Zhong-Dong Shi,1,6 Kihyun Lee,1,2,6 Dapeng Yang,1,6 Sadaf Amin,2 Nipun Verma,1,3 Qing V. Li,1,4 Zengrong Zhu,1 Chew-Li Soh,1 Ritu Kumar,5 Todd Evans,5 Shuibing Chen,5,* and Danwei Huangfu1,7,*
1Developmental Biology Program, Sloan Kettering Institute, 1275 York Avenue, New York, NY 10065, USA
2Weill Graduate School of Medical Sciences at Cornell University, 1300 York Avenue, New York, NY 10065, USA
3Tri-Institutional MD-PhD Program, Weill Graduate School of Medical Sciences at Cornell University, The Rockefeller University, Sloan Kettering Institute, 1300 York Avenue, New York, NY 10065, USA
4Louis V. Gerstner Jr. Graduate School of Biomedical Sciences, Memorial Sloan Kettering Cancer Center, 1275 York Avenue, New York, NY 10065, USA
5Department of Surgery, Weill Cornell Medical College, New York, NY 10065, USA
6Co-first author
7Lead Contact
*Correspondence
Summary
Human disease phenotypes associated with haploinsufficient gene requirements are often not recapitulated well in animal models.

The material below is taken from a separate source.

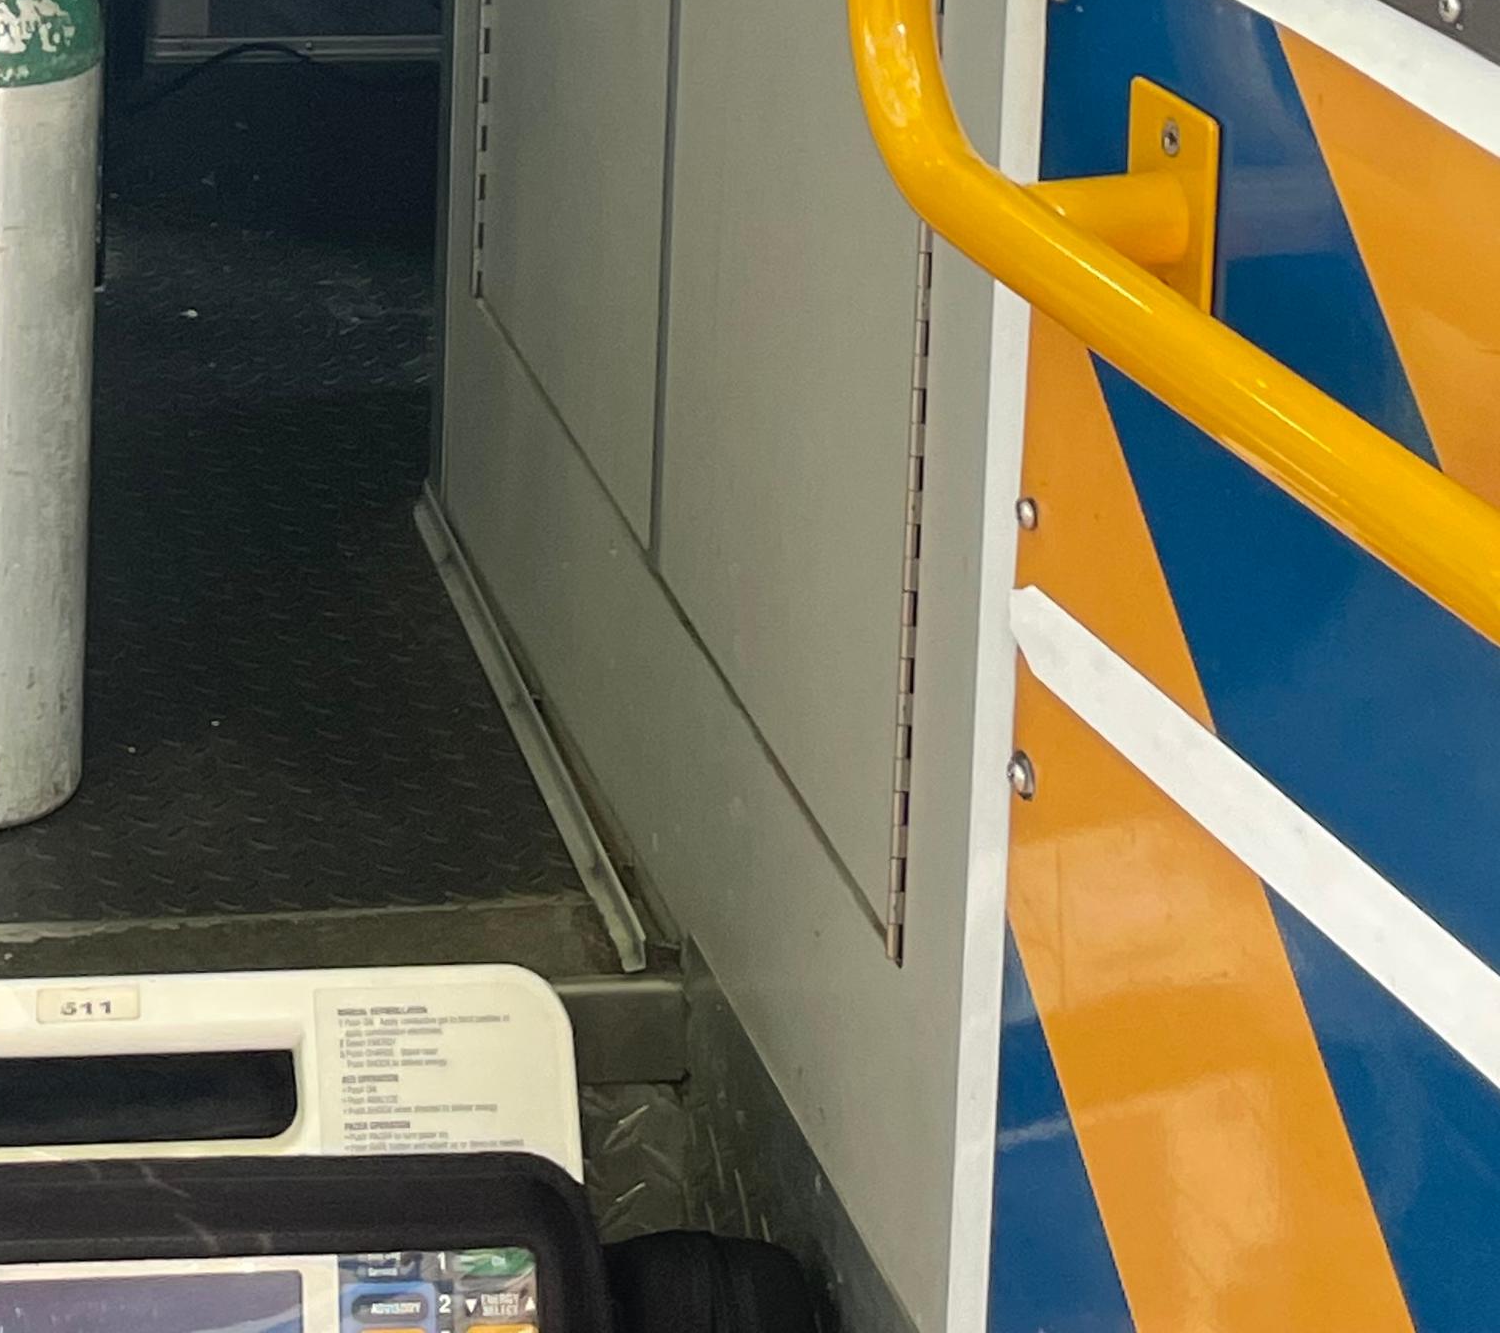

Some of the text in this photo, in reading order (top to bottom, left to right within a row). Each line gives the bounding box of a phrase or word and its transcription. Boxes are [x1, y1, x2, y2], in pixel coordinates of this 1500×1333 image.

[60, 1001, 111, 1015] 511
[437, 1252, 446, 1270] 1
[439, 1294, 451, 1314] 2

Here, we have investigated the association between human GATA6 haploinsufficiency and a wide range of clinical phenotypes that include neonatal and adult-onset diabetes using CRISPR (clustered regularly interspaced short palindromic repeat)/Cas9-mediated genome editing coupled with human pluripotent stem cell (hPSC) directed differentiation. We found that loss of one GATA6 allele specifically affects the differentiation of human pancreatic progenitors from the early PDX1+ stage to the more mature PDX1+NKX6.1+ stage, leading to impaired formation of glucose-responsive β-like cells. In addition to this GATA6 haploinsufficiency, we also identified dosage-sensitive requirements for GATA6 and GATA4 in the formation of both definitive endoderm and pancreatic progenitor cells. Our work expands the application of hPSCs from studying the impact of individual gene loci to investigation of multigenic human traits, and it establishes an approach for identifying genetic modifiers of human disease.